Run out of water? Is it possible for a source of water to just dry up, or for water supplies for a city to be affected in quantity or quality to the point of being unusable for human consumption? Could a river, a lake, or a puquial that had existed for as long as anyone could remember just disappear? Unfortunately, it can happen. It’s often due to the conversion for productive agriculture, poorly managed cattle ranching, or crops managed with poor agricultural technologies [1]. These activities mean that source water areas are deforested or burned over to clear vegetation. The absence of vegetative cover accelerates erosion and the loss of water retention capacity in soils, reducing the supply capacity and hydrological regulation of water sources.

Huamantanga, Lima.
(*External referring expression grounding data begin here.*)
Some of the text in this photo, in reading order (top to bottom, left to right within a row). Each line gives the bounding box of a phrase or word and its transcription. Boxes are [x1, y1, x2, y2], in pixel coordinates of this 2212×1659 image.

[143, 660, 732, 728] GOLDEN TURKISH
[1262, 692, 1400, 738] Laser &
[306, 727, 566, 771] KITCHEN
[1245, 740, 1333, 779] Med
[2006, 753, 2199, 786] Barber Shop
Photo: Natural Infrastructure for Water Security project.

Cases like this led the sanitation service companies to look for new sources of water, usually in increasingly distant catchments and with increasingly high costs. But the most serious thing is that these investments did not ensure that the new source did not run out in the near future. The companies did not develop any incentive for the forests or vegetation around the new water source not to be disturbed. Nor the one that came after that. The investment, whatever it was, always resulted in the same story.
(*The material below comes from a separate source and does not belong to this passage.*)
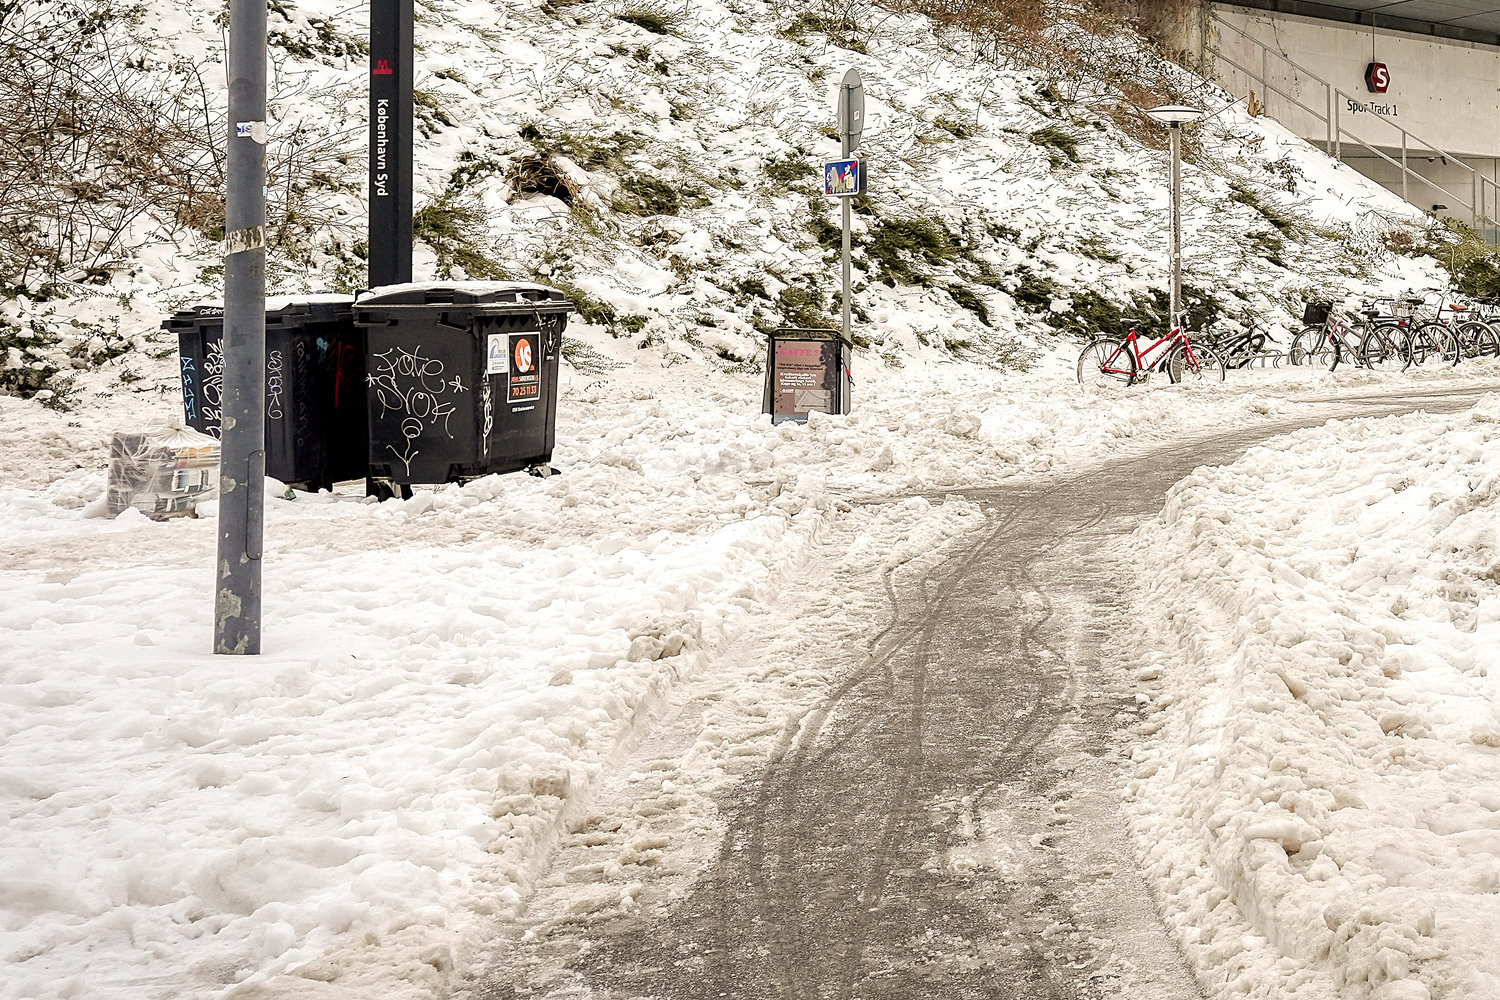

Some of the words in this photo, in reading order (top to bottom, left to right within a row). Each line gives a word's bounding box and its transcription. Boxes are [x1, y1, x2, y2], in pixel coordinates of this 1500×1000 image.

Participants to the National Water Summit, visiting the Can Can in the Piuray-Ccorimarca micro-basin, Cusco. Photo: Archive of the Natural Infrastructure for Water Security project.

The logical question when I entered the stage in 2007 was this: what if instead of having to invest in a new collection and storage system, we began to take care of what we already have? The answer to the problem was not to invest in more infrastructure in a more remote location, but to ensure conservation of the current source and the environment that supports it, such as mountainous or forested areas. To conserve water supplies, we would conserve ecosystems. This, by the way, was not driven solely by environmentalist zeal; it was an economic issue, since it was more cost-effective to protect the old water source than to invest in a new one. And, in the same way that built infrastructure (dams, pipelines, treatment plants) needed to be maintained, it was clear that the care of natural source water areas had to be incorporated into investment plans. We needed to expand the vision of the water company to include the care of its main input. And these natural areas were a critical asset not just for the water company, but also for the entire city that the company supplied.
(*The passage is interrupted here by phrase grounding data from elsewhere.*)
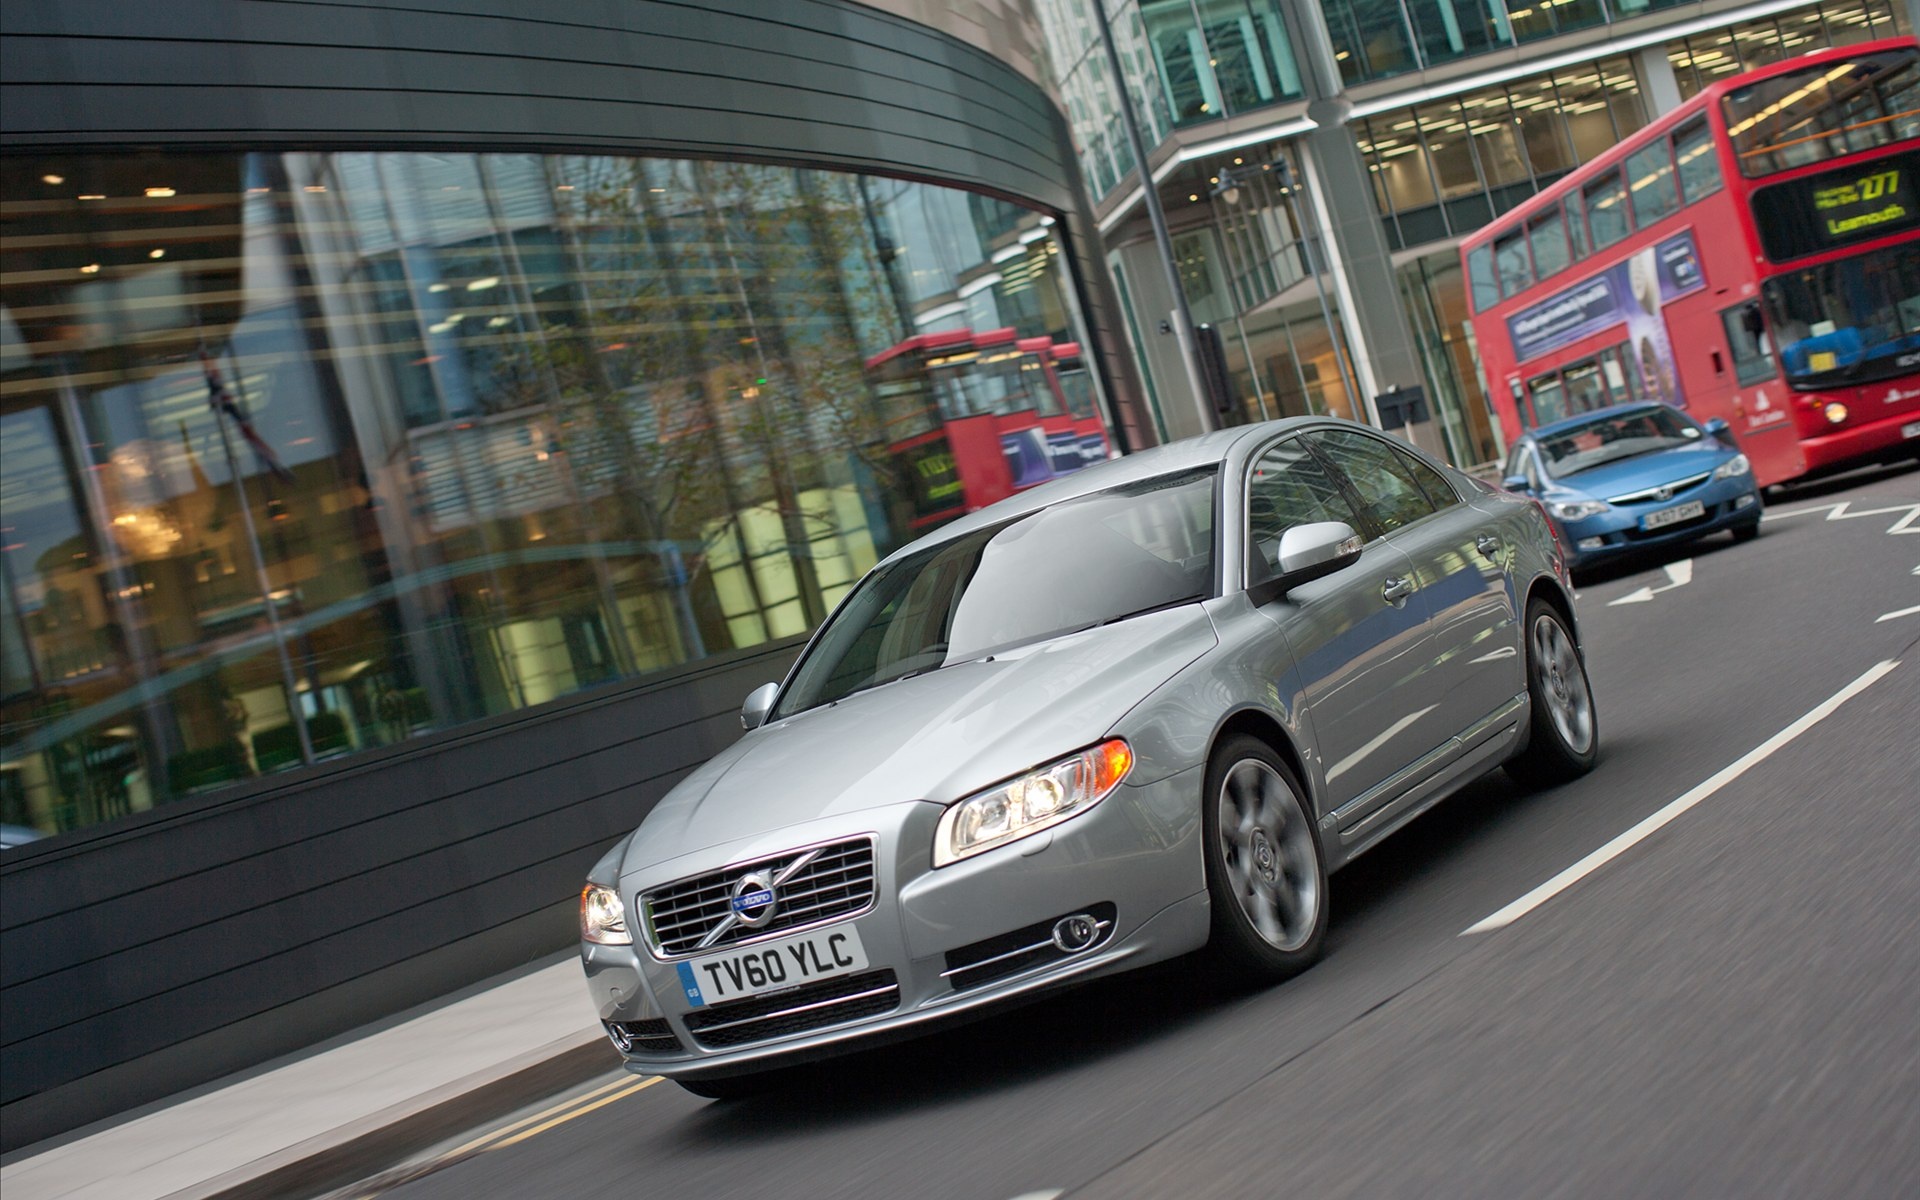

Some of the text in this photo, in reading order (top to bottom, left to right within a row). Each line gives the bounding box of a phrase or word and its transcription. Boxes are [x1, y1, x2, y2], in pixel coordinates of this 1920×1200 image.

[1858, 170, 1899, 201] 277
[1827, 204, 1905, 235] Leamouth
[735, 893, 770, 907] VOLVO
[703, 932, 853, 995] TV60 YLC
[688, 987, 699, 998] GB
For these reasons, when we approached the water company in Moyobamba and the German Cooperation agency (now known by its acronym GIZ) with the technical proposal to incorporate a payment to conserve natural areas, we felt it was appropriate to include it in the water company’s rate study for setting user tariffs. We suggested one Peruvian sol (about US $0.30) earmarked for Payment for Environmental Services (PES). This was how in 2007 the first PES pilot mechanism (now known as the Ecosystem Service Compensation Mechanism – MRSE in Spanish) was launched and promoted by SUNASS. MRSEs are a percentage of the water and sanitation fee paid by users of these services that are funneled to a special account whose exclusive purpose is the protection and care of water sources. The idea is to recognize that upstream citizens and communities should be compensated for their care of water sources, whether that is through reforestation, conservation, or recovery of ancestral techniques of water infiltration. According to this logic, the water-producing ecosystem was integrated for the first time in Peru as an essential component of water infrastructure. If the dams and reservoirs are the “gray infrastructure” of a sanitation service company, then source water areas, watersheds, wetlands, and forests would be the “green” or “natural” infrastructure that complements the gray.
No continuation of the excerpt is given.